= Assignment =
Output all of the data exactly, keeping any images out of the copy.

[Stored dataset items]
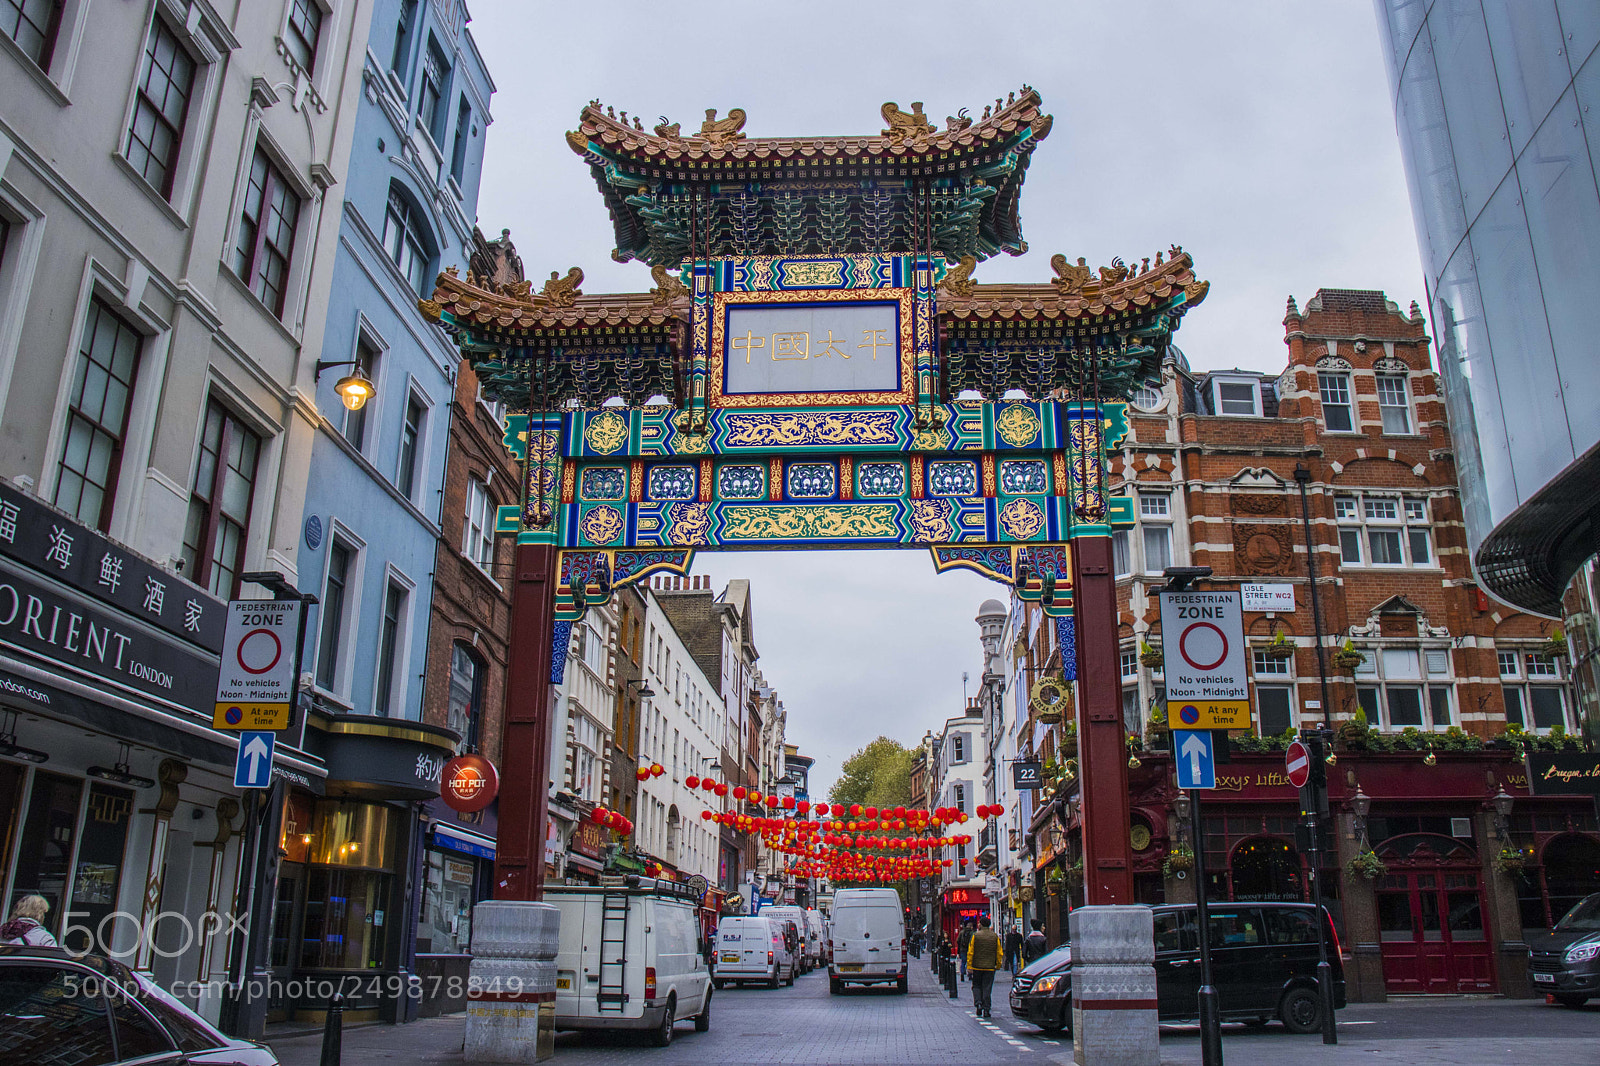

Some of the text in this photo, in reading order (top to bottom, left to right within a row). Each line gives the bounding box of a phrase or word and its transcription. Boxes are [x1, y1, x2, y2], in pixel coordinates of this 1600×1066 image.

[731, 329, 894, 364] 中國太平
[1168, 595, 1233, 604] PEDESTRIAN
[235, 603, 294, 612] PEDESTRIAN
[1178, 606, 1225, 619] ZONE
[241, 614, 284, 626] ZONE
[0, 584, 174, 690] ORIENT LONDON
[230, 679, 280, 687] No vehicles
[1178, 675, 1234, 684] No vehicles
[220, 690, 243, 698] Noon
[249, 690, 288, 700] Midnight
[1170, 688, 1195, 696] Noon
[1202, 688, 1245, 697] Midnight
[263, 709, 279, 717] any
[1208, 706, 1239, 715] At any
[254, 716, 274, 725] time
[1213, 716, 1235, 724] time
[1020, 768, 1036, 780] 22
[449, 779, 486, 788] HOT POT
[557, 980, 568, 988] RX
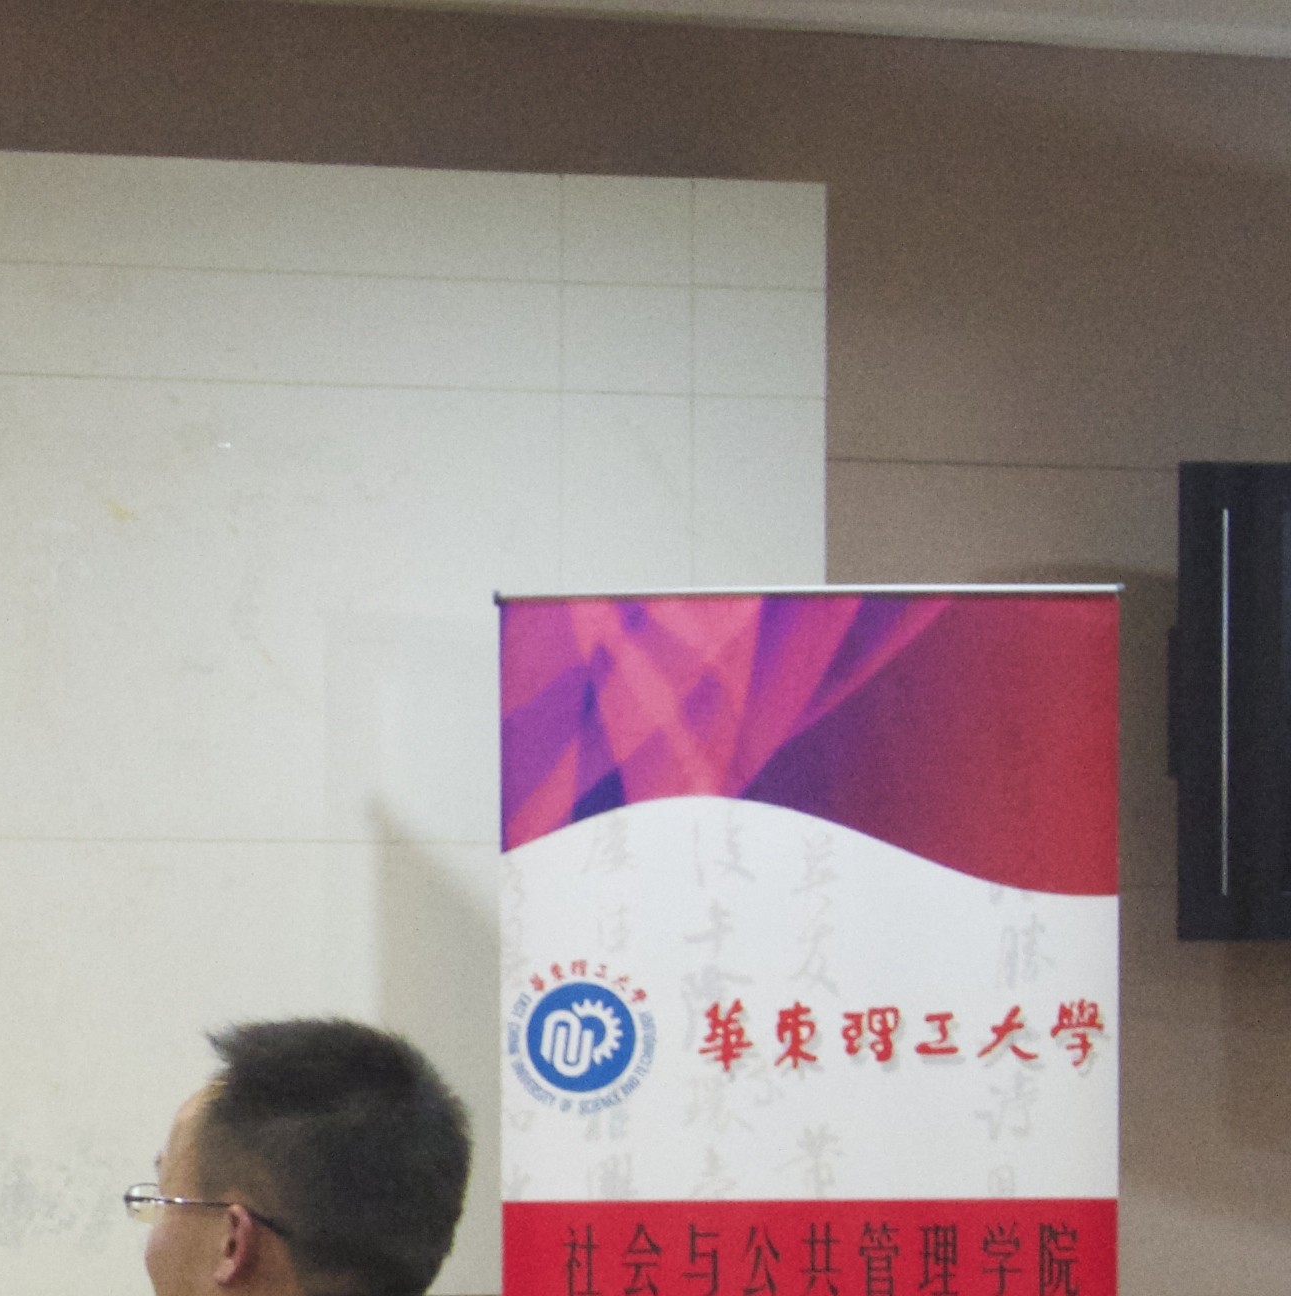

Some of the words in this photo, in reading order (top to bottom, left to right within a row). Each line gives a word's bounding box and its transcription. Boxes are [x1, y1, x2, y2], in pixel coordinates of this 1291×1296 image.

= Response to this exercise =
Some of the text in this photo, in reading order (top to bottom, left to right within a row). Each line gives the bounding box of a phrase or word and its transcription. Boxes are [x1, y1, x2, y2], in pixel coordinates of this 1600×1066 image.

[731, 329, 894, 364] 中國太平
[1168, 595, 1233, 604] PEDESTRIAN
[235, 603, 294, 612] PEDESTRIAN
[1178, 606, 1225, 619] ZONE
[241, 614, 284, 626] ZONE
[0, 584, 174, 690] ORIENT LONDON
[230, 679, 280, 687] No vehicles
[1178, 675, 1234, 684] No vehicles
[220, 690, 243, 698] Noon
[249, 690, 288, 700] Midnight
[1170, 688, 1195, 696] Noon
[1202, 688, 1245, 697] Midnight
[263, 709, 279, 717] any
[1208, 706, 1239, 715] At any
[254, 716, 274, 725] time
[1213, 716, 1235, 724] time
[1020, 768, 1036, 780] 22
[449, 779, 486, 788] HOT POT
[557, 980, 568, 988] RX

Some of the words in this photo, in reading order (top to bottom, left to right within a row). Each line gives a word's bounding box and its transcription. Boxes are [x1, y1, x2, y2], in pixel coordinates of this 1291×1296 image.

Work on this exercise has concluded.